The EPOXI (Deep Impact) paper ("Temporal and Spatial Variability of Lunar Hydration as Observed by the Deep Impact Spacecraft", Sunshine et al) says that water has been "unequivocally" confirmed and that "the entire lunar surface is hydrated during at least some portions of the lunar day".

In another paper, previously unreleased 1999 flyby data from Cassini ("Detection of Adsorbed Water and Hydroxyl on the Moon", Roger N. Clark) shows hydroxyl concentrations on "the sunlit face of the Moon". Water was detected in concentrations as high as "10 to 1,000 parts per million" and according to the paper "Regardless of its origin, water is found on the lunar surface in areas previously thought to have been depleted in volatiles."

The Chandrayaan-1 paper ("Character and Spatial Distribution of OH/H2O on the Surface of the Moon Seen by M3 on Chandrayaan-1", C. M. Pieters et al) says "... Modeled abundance could be as high as 770 ppm (20), but is dependent on particle size, and the total abundance of hydrated material in the bulk upper regolith would be substantially smaller if hydration is not retained during regolith gardening. ... data suggests that the formation and retention of OH and H2O is an ongoing surficial process. OH/H2O production processes may feed polar cold traps and make the lunar regolith a candidate source of volatiles for human exploration."

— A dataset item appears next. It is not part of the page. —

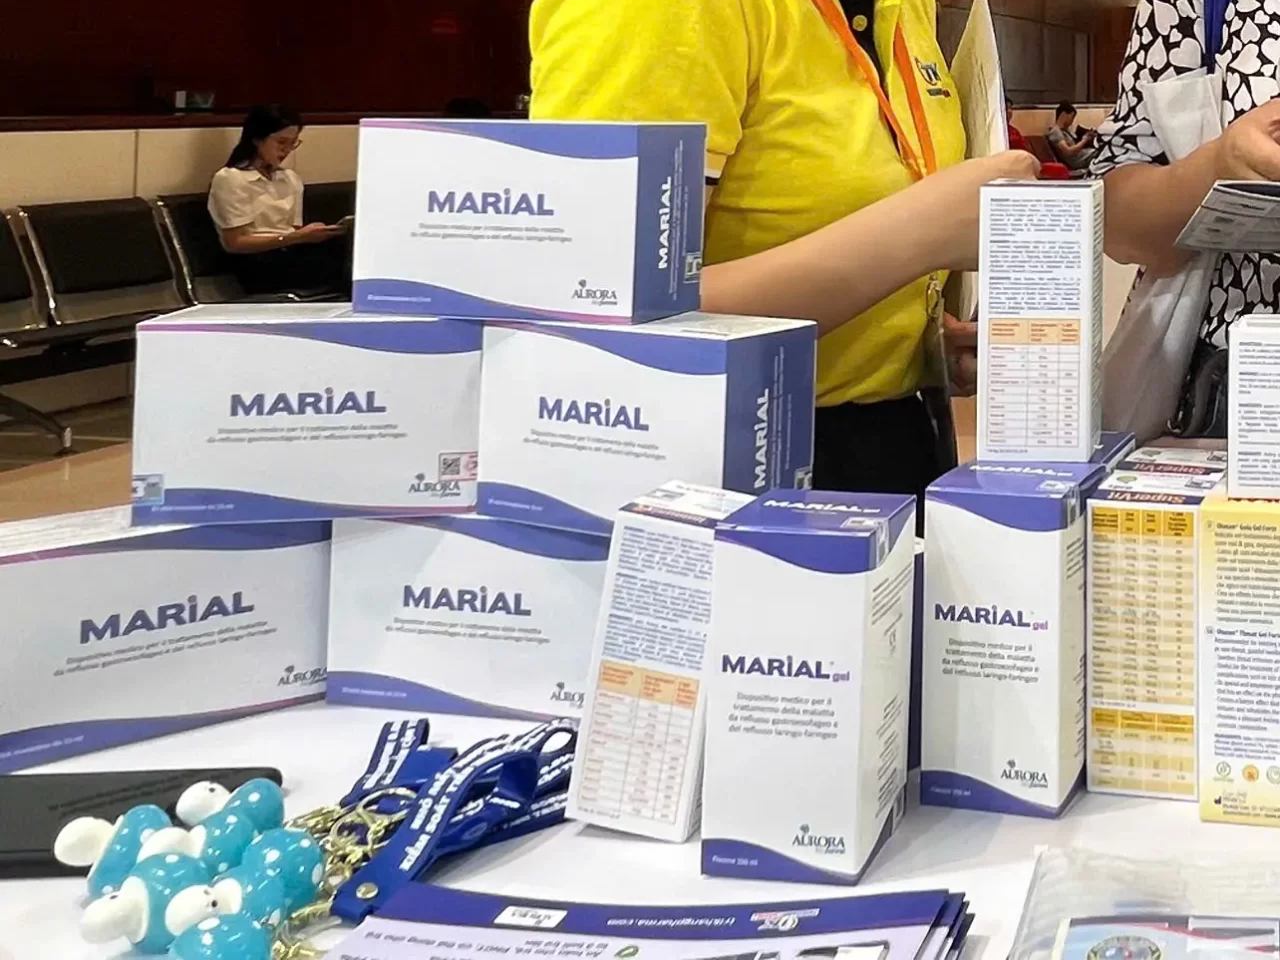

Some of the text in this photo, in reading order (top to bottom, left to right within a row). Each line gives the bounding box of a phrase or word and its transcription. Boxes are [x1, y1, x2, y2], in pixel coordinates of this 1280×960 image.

It would seem that NASA has been sitting on a lot of data confirming with regard to the Moon - in some cases, for years. Meanwhile, a lot of people are trying to downplay the importance of these findings in and around NASA at the same time it would seem that the Moon has been revealed as being much more useful than had been previously released publicly. SMD has some explaining to do. Stay tuned.

Water on the Moon?, Nature

"That's not all. Early results from NASA's Lunar Reconnaissance Orbiter (LRO), launched on 18 June, are offering a wide array of watery signals. Increasingly, lunar scientists are confident that the decades-long debate is over. The Moon, in fact, has water in all sorts of places: not just locked up in minerals, but scattered throughout the broken-up surface, and, potentially, in blocks or sheets of ice at depth."

It's not lunacy, probes find water in moon dirt, AP

"We argued literally for months amongst ourselves to find out where the problem was," Pieters said. Sunshine, who was on the team, had a similar instrument on NASA's Deep Impact probe, headed for a comet but swinging by the moon in June. So Deep Impact looked for the water-hydroxyl signature — and found it. Scientists also looked back at the records of NASA's Cassini probe, which is circling Saturn. It has the same type instrument and whizzed by the moon ten years ago. Sure enough, it had found the same thing. The chance that three different instruments malfunctioned in the same way on three different spaceships is almost zilch, so this confirms that it's water and hydroxyl, Pieters said."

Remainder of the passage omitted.